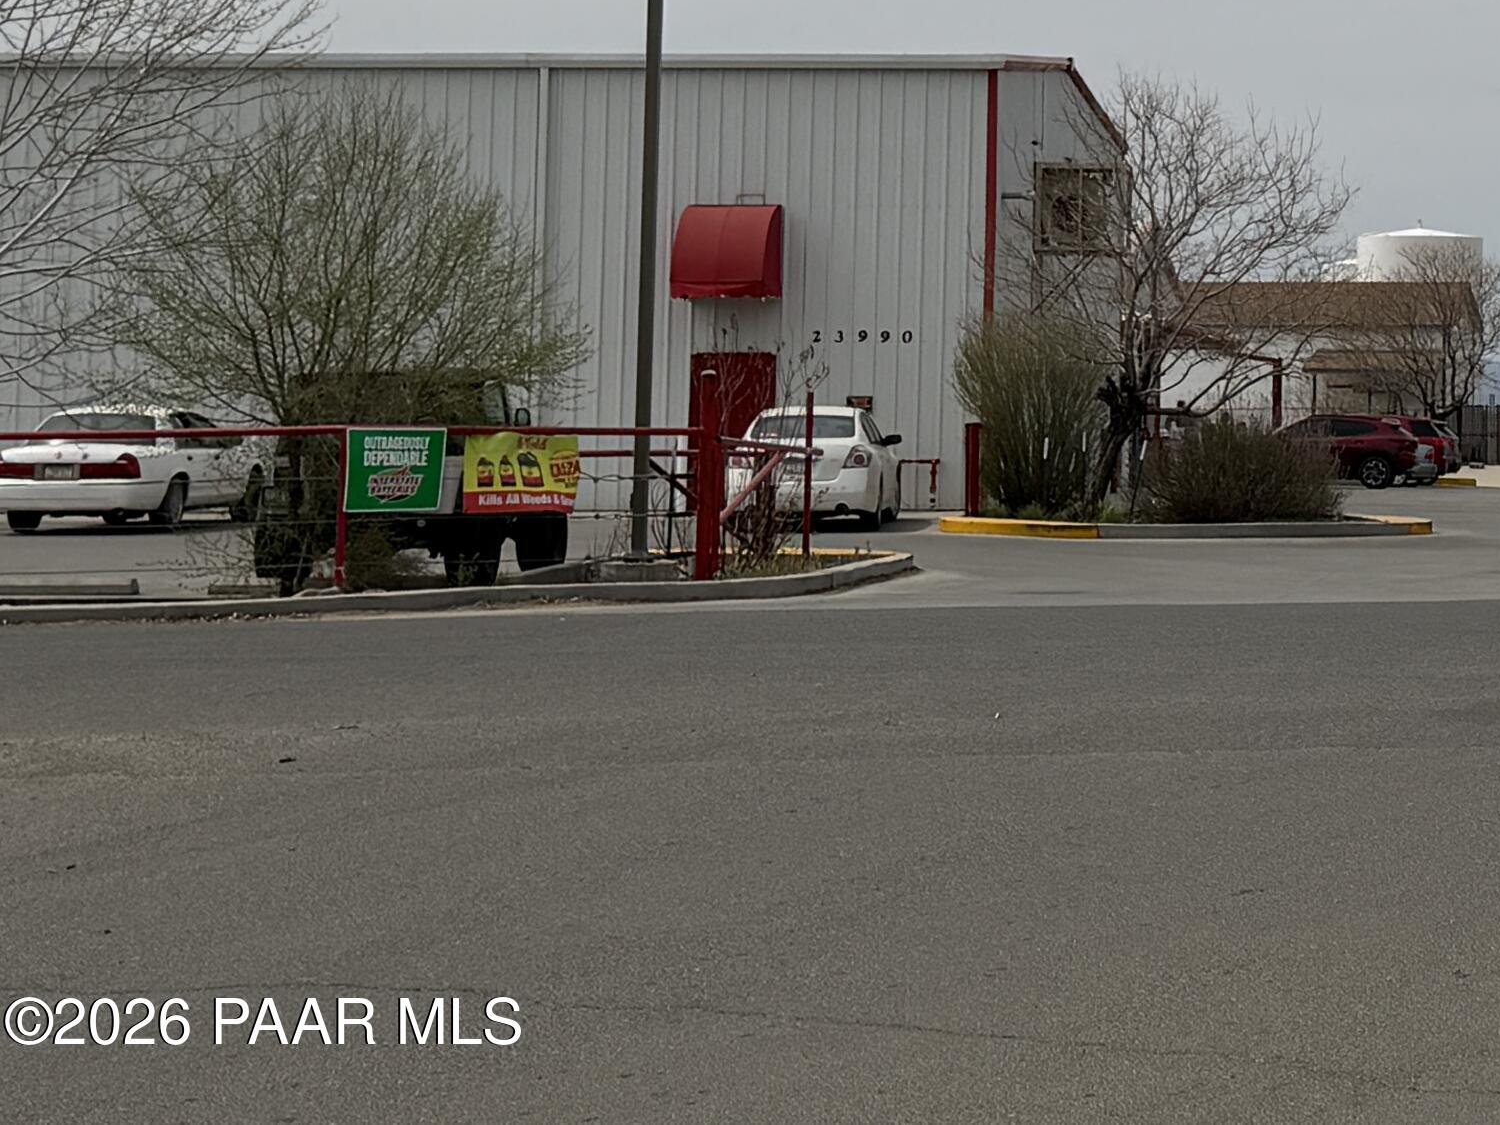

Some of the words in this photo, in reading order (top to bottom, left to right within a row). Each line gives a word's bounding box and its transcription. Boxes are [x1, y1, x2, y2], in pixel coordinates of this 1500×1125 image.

[812, 330, 913, 343] 23990
[364, 436, 430, 449] OUTRAGEOUSLY
[363, 450, 429, 466] DEPENDABLE
[479, 494, 503, 506] Kills
[505, 493, 520, 504] All
[522, 494, 551, 505] Weeds

WORK INSTRUCTIONS:
Transcribe the records above exactly, leaving out every picture.

TASK OUTPUT:
Some of the words in this photo, in reading order (top to bottom, left to right within a row). Each line gives a word's bounding box and its transcription. Boxes are [x1, y1, x2, y2], in pixel coordinates of this 1500×1125 image.

[812, 330, 913, 343] 23990
[364, 436, 430, 449] OUTRAGEOUSLY
[363, 450, 429, 466] DEPENDABLE
[479, 494, 503, 506] Kills
[505, 493, 520, 504] All
[522, 494, 551, 505] Weeds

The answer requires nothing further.